A la mañana siguiente, como aquel día en el cruce de Gilgit, nos bañamos desnudos; esta vez no de uno en uno. El agua era tan fría como la del estanque donde nos bañamos en el pueblo, de modo que a partir de entonces intentamos buscar estanques de agua remansada y calentada por el sol. Nos secamos mutuamente, fregando nuestros cuerpos con fuerza para entrar en calor y nos vestimos.
Nos habían pedido que vistiéramos a la occidental, según ellos era más seguro, pero los tábanos y las miles de abejas eran un peligro y los salwar kamez nos cubrían por completo y eran mucho más cómodos porque no restaban movilidad; y Anna, con lo que pudo encontrar, me confeccionó un turbante tan pintoresco como poco ortodoxo.

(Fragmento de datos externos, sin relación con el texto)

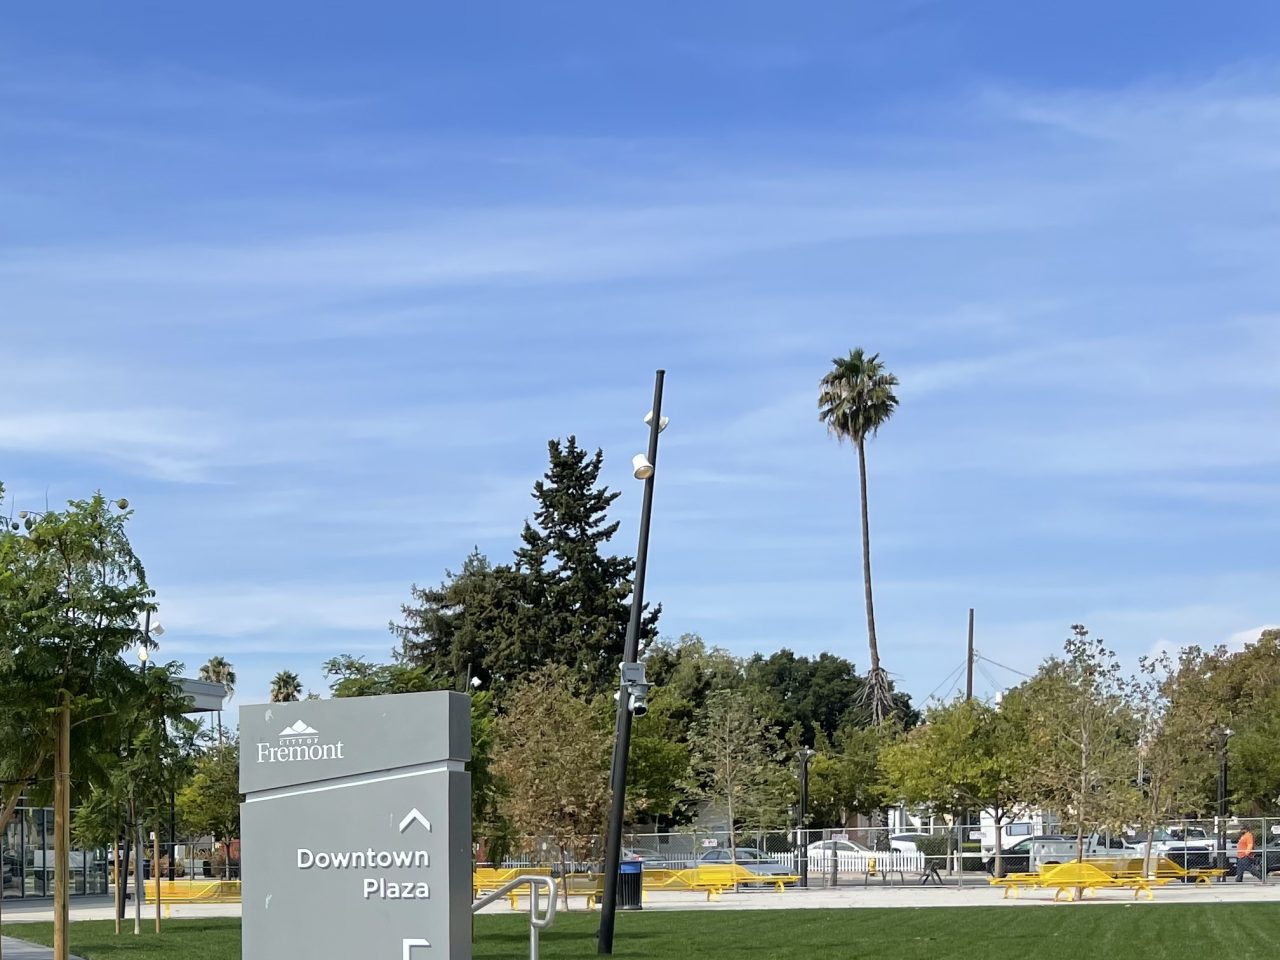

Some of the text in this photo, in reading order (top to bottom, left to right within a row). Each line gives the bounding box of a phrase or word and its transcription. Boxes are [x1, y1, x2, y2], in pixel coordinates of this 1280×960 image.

Cruzar el valle al ritmo que habíamos escogido representaba más un día de andadura. Al no haber senderos decidimos seguir lo que para nosotros y en aquel momento era un arroyo, aunque para alguien de nuestro país casi sería un río de montaña, bordeando las pequeñas lagunas o, cuando nos era imposible, introduciéndonos en la alta maleza. A veces, si el agua estaba remansada y el fondo plano, nos descalzábamos y andábamos por ella para refrescar nuestros pies, otras veces hacíamos lo mismo por la alta hierba, con el riesgo de pisar algún animal desconocido. La belleza del lugar embriagaba y nos había convertido en descuidados. La soledad que antes nos había llenado de congoja, ahora nos daba seguridad y la disfrutábamos. Nadie nos obligaba a nada, ni la más pequeña convención.
Descansamos sobre un montículo al borde de un pequeño lago. Desde allí podía verse todo su contorno, el bosque de coníferas al otro lado, que subía por la montaña, lejano, minúsculo. Tras nuestro, aproximadamente a tres horas de marcha, habíamos dejado el lugar por donde podría haber existido el camino para entrar en la Cachemira hindú, pero tan abrupto e inseguro que seguramente nos habría costado más horas de las calculadas, primero por alta maleza y después atravesar un bosque y un torrente invisible desde el lugar donde nos encontrábamos. Nos desnudamos y volvimos a bañarnos. El agua estaba más caliente, pero la sensación de frío, debido al sol y el calor del aire, seguía siendo intensa.
Y nos echamos sobre la hierba en un punto en el que no crecían arbustos de tronco leñoso ni plantas espinosas. Y las conversaciones sobre cualquier cosa, desde unos libros hasta la música que nos gustaba, de cine y de sexo, que empezaba a hacerse patente aunque solo conversando. Y buscamos amigos comunes sin encontrarlos, solo Artur, del que nunca hablamos. Y cantamos las canciones que más nos emocionaban y recordamos por lo que nos gustaban, pero sin sentir nostalgia de nuestra tierra, ni de la manera de vivir que habíamos dejado en ella.
Y Anna habló irritada de la cobardía que imperaba en aquel país, de gente aparentemente valerosa, donde la mujer vivía asediada por el hombre, aunque tras la excusa de defender su honorabilidad.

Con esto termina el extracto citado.